The answer is, not much. We know this mind out there, this God, is immensely powerful and intelligent. A being capable of creating our four-dimensional space-time universe is vastly different from the human minds we encounter in our fishbowl.

If you think along these lines, it becomes easier to see through the so-called “scientific” obstacles our culture throws up against the existence of God. Let’s start with the question “who created God”? Creation is a concept that exists in our fishbowl, where one event precedes in time another event and causes the second event to happen. But the question “who created God” incorrectly assumes that the concept of causation in time applies outside our fishbowl. Remember, God created time (and space), and created our fishbowl. God is outside of time. To ask a question that assumes our concept of time and our concept of causation apply outside of our fishbowl shows a lack of theological imagination.

Another typical, although often unspoken, barrier for many is that they literally cannot imagine a mind powerful enough to do all this – to create our universe and design all life. Again, this shows a lack of theological imagination. Just because the minds we encounter in our fishbowl – minds made up of atoms that exist in time – can’t do these things is no reason to suggest that the mind outside our fishbowl can’t do them. We cannot transfer the restrictions we see in our fishbowl to a mind outside our fishbowl. I think God has absolute control over every quantum phase state in our universe (see Chapter 14 of Counting To God). A being with that attribute could (and in my view has) done things – performed “miracles” – beyond our comprehension (like the resurrection of Jesus, which is by far the best documented event of the ancient world). How can that be? I don’t know, but to say that God can’t perform miracles shows an obvious lack of theological imagination, an incorrect assumption that what we see in our fishbowl applies outside our fishbowl.

One analogy that occurs to me is that the relationship between God and us could be similar in some ways to the relationship between us and a virtual character in a gaming program. We can create such characters and give them characteristics, but these characters, no matter how intelligent we might make them (think of powerful artificial intelligence, powerful AI), cannot appreciate us and our universe except to the extent we create them in our image – just as the Bible tells us we are created in the image of God. Yes we could give our AI characters some capacity to appreciate music and colors, but they can never experience the music and colors in our world. I use this analogy because many people who have had near death experiences, who have had a glimpse of what lies outside our fishbowl, will tell you that the colors and music outside our fishbowl are far superior and far more wonderful than what we experience.

If we make these AI characters smart enough, and give them enough ways to gain information (like our human senses) to learn about their world, they might be able to detect that we exist based on characteristics of their virtual world.
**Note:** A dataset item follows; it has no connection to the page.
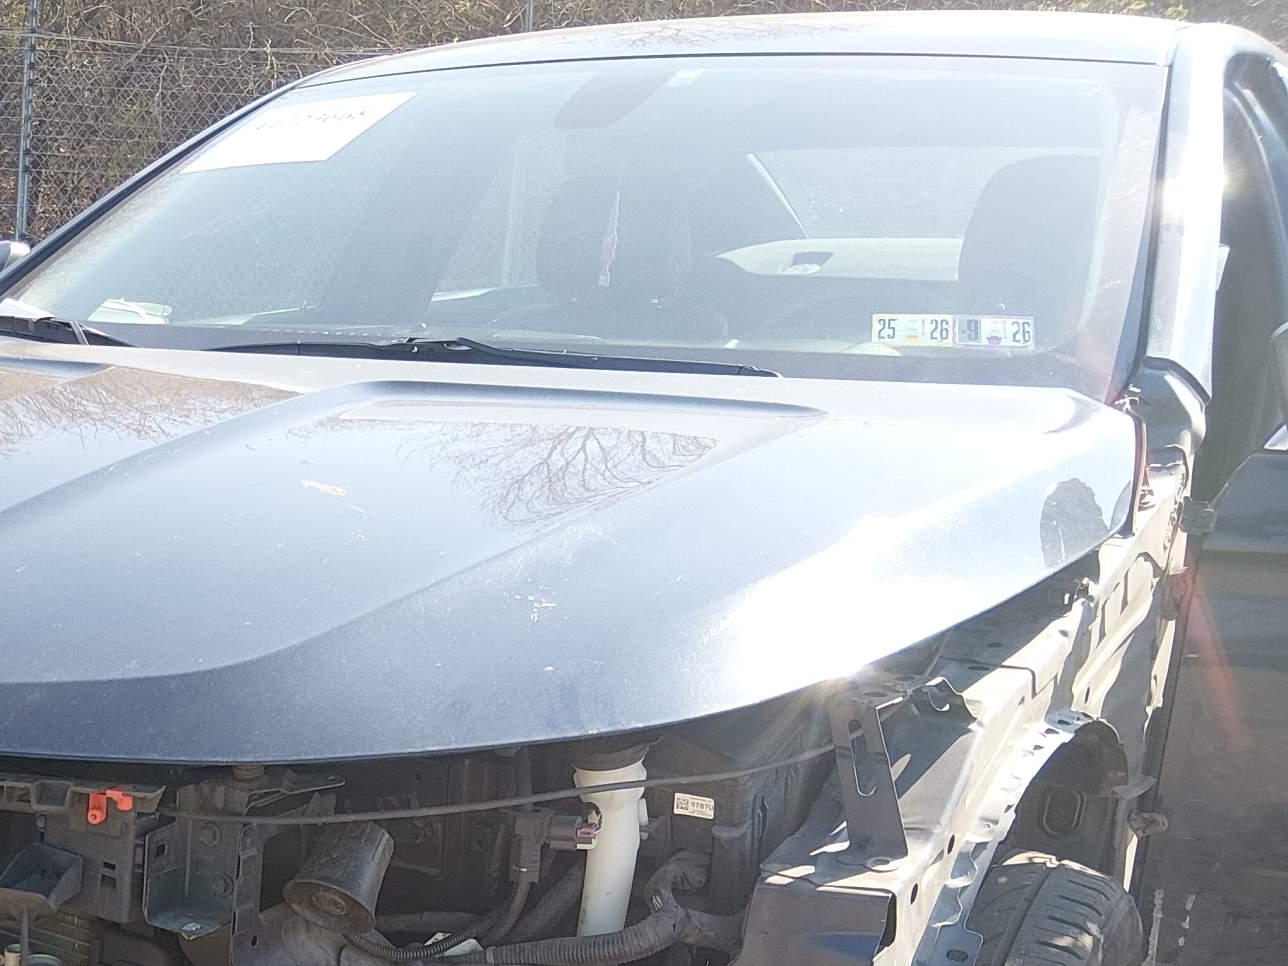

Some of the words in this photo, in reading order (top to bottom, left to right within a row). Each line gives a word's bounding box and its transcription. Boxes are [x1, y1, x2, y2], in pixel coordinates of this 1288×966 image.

But other than that, all they can know about us is what we tell them. In history, and in the Bible, God has taught us a great deal about the nature of God and how we are supposed to live our lives. The Bible is like an operating manual for life. To the extent you can follow it, your life is likely to be easier and less stressful.

Many reject the Trinity, the Christian three-in-one God, because they cannot imagine that kind of being. This betrays a lack of theological imagination, the false assumption that just because something doesn’t exist in our fishbowl it can’t exist outside the fishbowl. Despite the overwhelming scientific evidence that God has built into different kinds of animals the capacity to adapt, to “evolve,” into different species, many (most?) hang on desperately to a Darwinian fable of the “magic” and “power” of natural selection. This inability to conceive of a being powerful enough to build this fantastic technology into all life again reveals a lack of theological imagination.

God is outside our universe, outside our fishbowl, not limited by human concepts of intelligence and power. If we are honest, we know from science that God exists. Let us expand our minds and our theological imaginations to appreciate the wonder of God.